An appetizer plate of fritto misto delivered light, crisp calamari rings and small spheres of the creamiest baccalà croquettes. The third component, a duo of crab cakes, tasted either old or just unpleasant. A "black olive mayonnaise" dip on the side turned out to be marinara sauce, but it worked.

Pizza should be something of a Zucchero specialty. The sauce on our Margherita was slow-cooked to mellow sweetness, and the slices were cheesy, but the crust, fired in a 700-degree wood-burning oven, was thin as a dime — and thus too cracker-like crackly. Speaking of dimes: On our initial dinner visit, we needed 139 of them plus a nickel for the exceedingly small pizza; two other pies with toppings were $16.95 apiece. Now the three go for $12.95, $14.95, and $15.95.

Pasta is the best repast to feast upon here. Thick strands of spaghetti came tossed with basil-strewn marinara sauce and four Kobe meatballs that tasted just fine — but there's no need to go to all of that trouble massaging the cows with sake and everything if you're going to grind the meat; mix it with eggs, onions, breadcrumbs, seasonings, and cheese; and cook it medium to well-done.

Homemade ravioli are offered in three colors. Inky black ones come bathed in shellfish sauce; egg-yellow are filled with ricotta, mascarpone, and truffle oil; and green pouches, served beneath a salmon entrée, are wrapped around a heavily thyme-tinged spinach interior. The thin, well-seasoned fish was pan-seared to delectable effect, capped with tender pieces of bay scallop, and drizzled with a thin, somewhat timid mustard sauce. It was formerly the only of four seafood entrées under $25, but now all are $25 or less — although at $18.95, the salmon/scallop/ravioli dish is one of the menu's best deals.

Sliced flat-iron steak braced with Malbec demi-glace exuded a delicious char-grill flavor and strong herbal notes from the marinade.

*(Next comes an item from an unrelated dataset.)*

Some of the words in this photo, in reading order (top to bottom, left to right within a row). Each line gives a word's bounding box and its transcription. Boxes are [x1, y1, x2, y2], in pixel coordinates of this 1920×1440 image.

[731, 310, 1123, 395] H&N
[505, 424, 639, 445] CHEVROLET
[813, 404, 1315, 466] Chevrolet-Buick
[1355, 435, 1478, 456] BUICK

A parsley sprig and grape tomato garnish were like the traffic light over an accident of Parmesan-truffle risotto, whose overcooked grains were seemingly bereft of truffle, Parmesan, and even salt. The steak cost $21.95; upon my return, I noticed the price had dropped $3. Timing, as they say, is everything.

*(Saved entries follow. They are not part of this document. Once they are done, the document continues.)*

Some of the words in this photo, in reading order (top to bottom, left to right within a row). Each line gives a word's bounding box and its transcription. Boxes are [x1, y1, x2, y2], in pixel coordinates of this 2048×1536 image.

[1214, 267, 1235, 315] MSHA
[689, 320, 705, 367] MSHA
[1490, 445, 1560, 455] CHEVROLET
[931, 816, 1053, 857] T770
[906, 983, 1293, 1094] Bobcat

The wine list is relatively short but contains plenty of red heavy hitters from Italy and a number of California selections for under $40. There were also a number of pricier reserve bottles and an array of by-the-glass selections for around $8. Waiters are more supermarket Chianti than Super Tuscan — young, light, and accessible but not smoothly experienced or capable of complex interactions (partly owing to language). During a particularly slow evening, a clutch of servers with no patrons in their stations clowned among themselves, which was distracting in the practically empty room. This also speaks to lax management; anyone who has worked in restaurants knows there is always something to do. Otherwise, though, service was affable and acceptably alert.

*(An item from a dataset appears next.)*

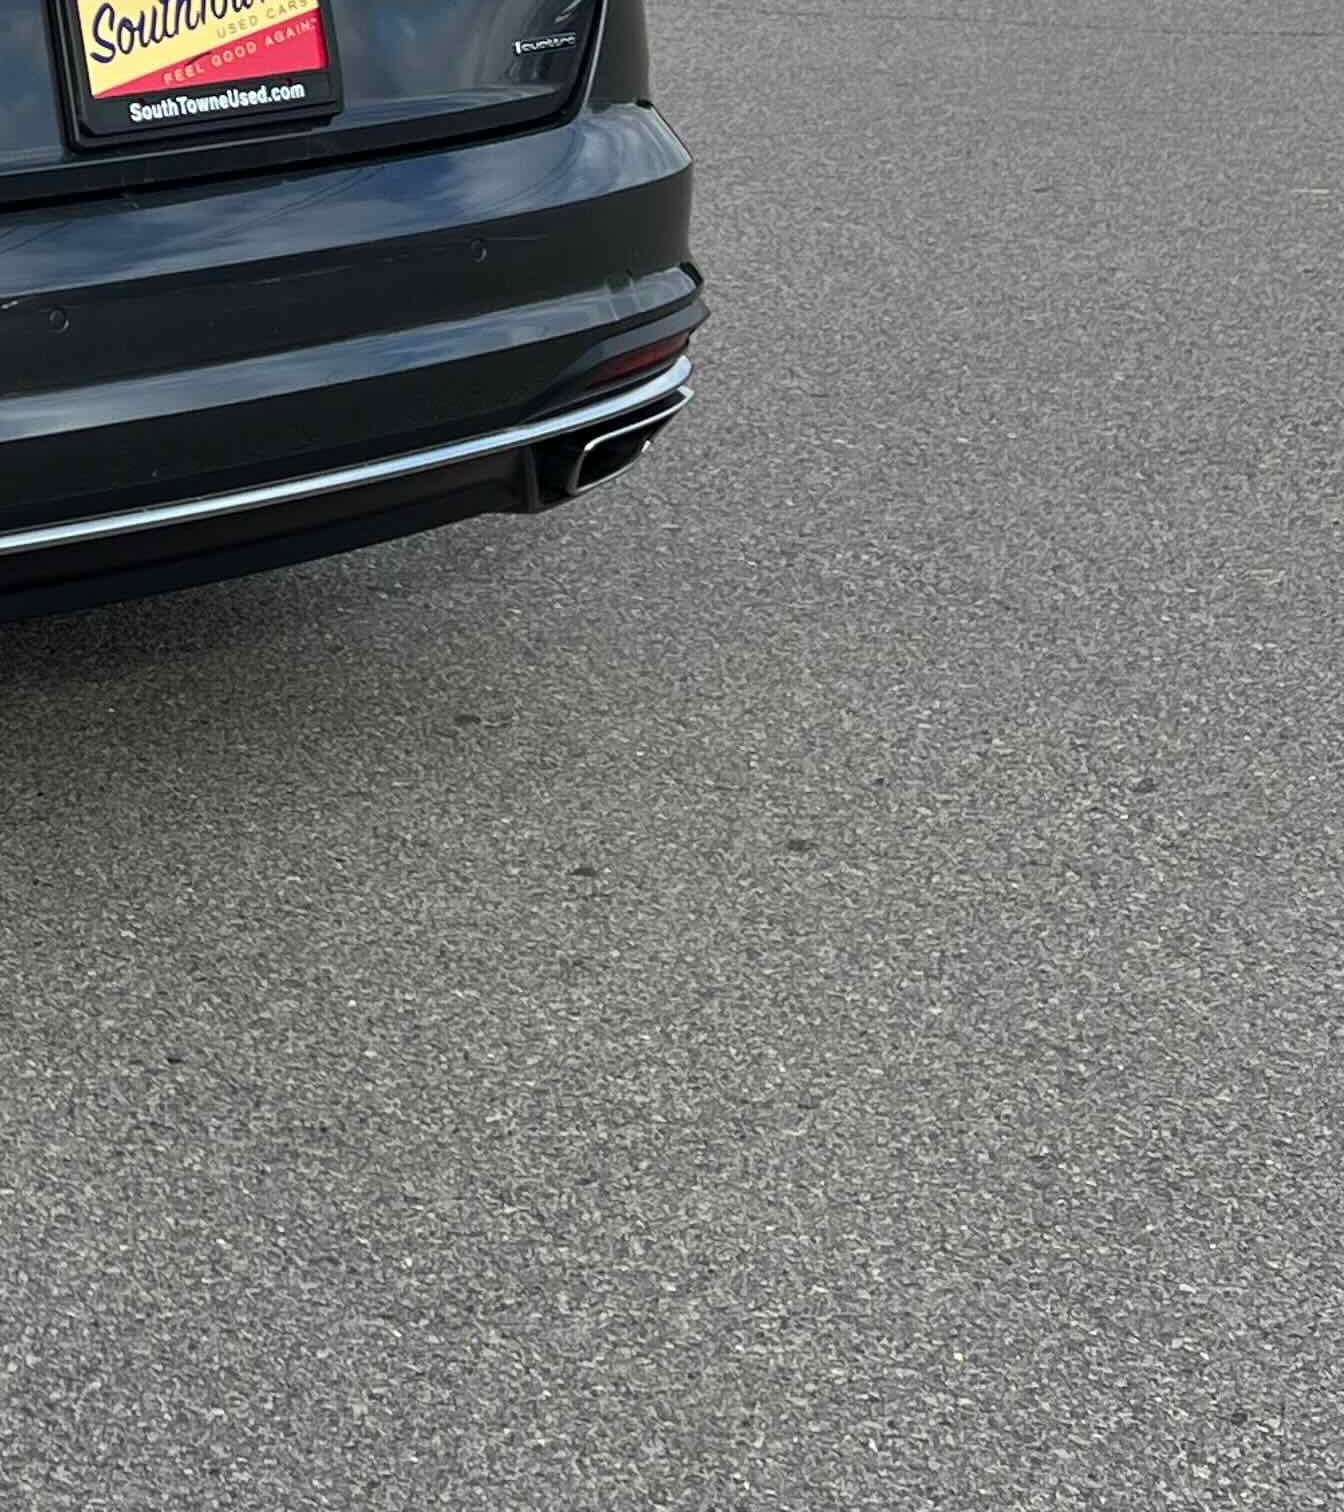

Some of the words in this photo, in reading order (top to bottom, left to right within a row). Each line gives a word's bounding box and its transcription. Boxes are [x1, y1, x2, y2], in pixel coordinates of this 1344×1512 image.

[216, 14, 259, 39] USED
[163, 63, 205, 87] FEEL
[212, 41, 257, 67] GOOD
[129, 83, 305, 123] SouthTowneUsed.com

Soffiato di guayaba is Zucchero's signature dessert, and it's a dandy. The flourless dome of guava cake is similar to the ubiquitous chocolate molten cake, except this one oozes a caramel-like fruit center. Homemade cream cheese ice cream flecked with sweet bits of guava matches up with the soffiato deliriously well. Lemon meringue pie was fresh and tasty too, but the cylindrical treat's filling was mousse-like rather than the traditional semitranslucent yellow curd.

A starter, main course, and dessert here would tend to total $40 to $50, excluding wine, coffee, tax, and tip. That's certainly not expensive for a fine-dining establishment, but while Zucchero wears a swank look, its food and service are more befitting a place with red-and-white checkered cloths and straw-wrapped bottles of Chianti on the tables, multiple menu mentions of truffle oil notwithstanding.

Ownership evidently recognized the need to lower prices a tad and has likewise added all sorts of supplemental deals: Each night, a three-course meal (with choices) of "Chef Oliveira's personal signature dishes" is offered for $19.95. Wednesday evenings bring 50 percent off bottles of wine. On Thursdays, every pasta plate goes for $10.95. That's more like it.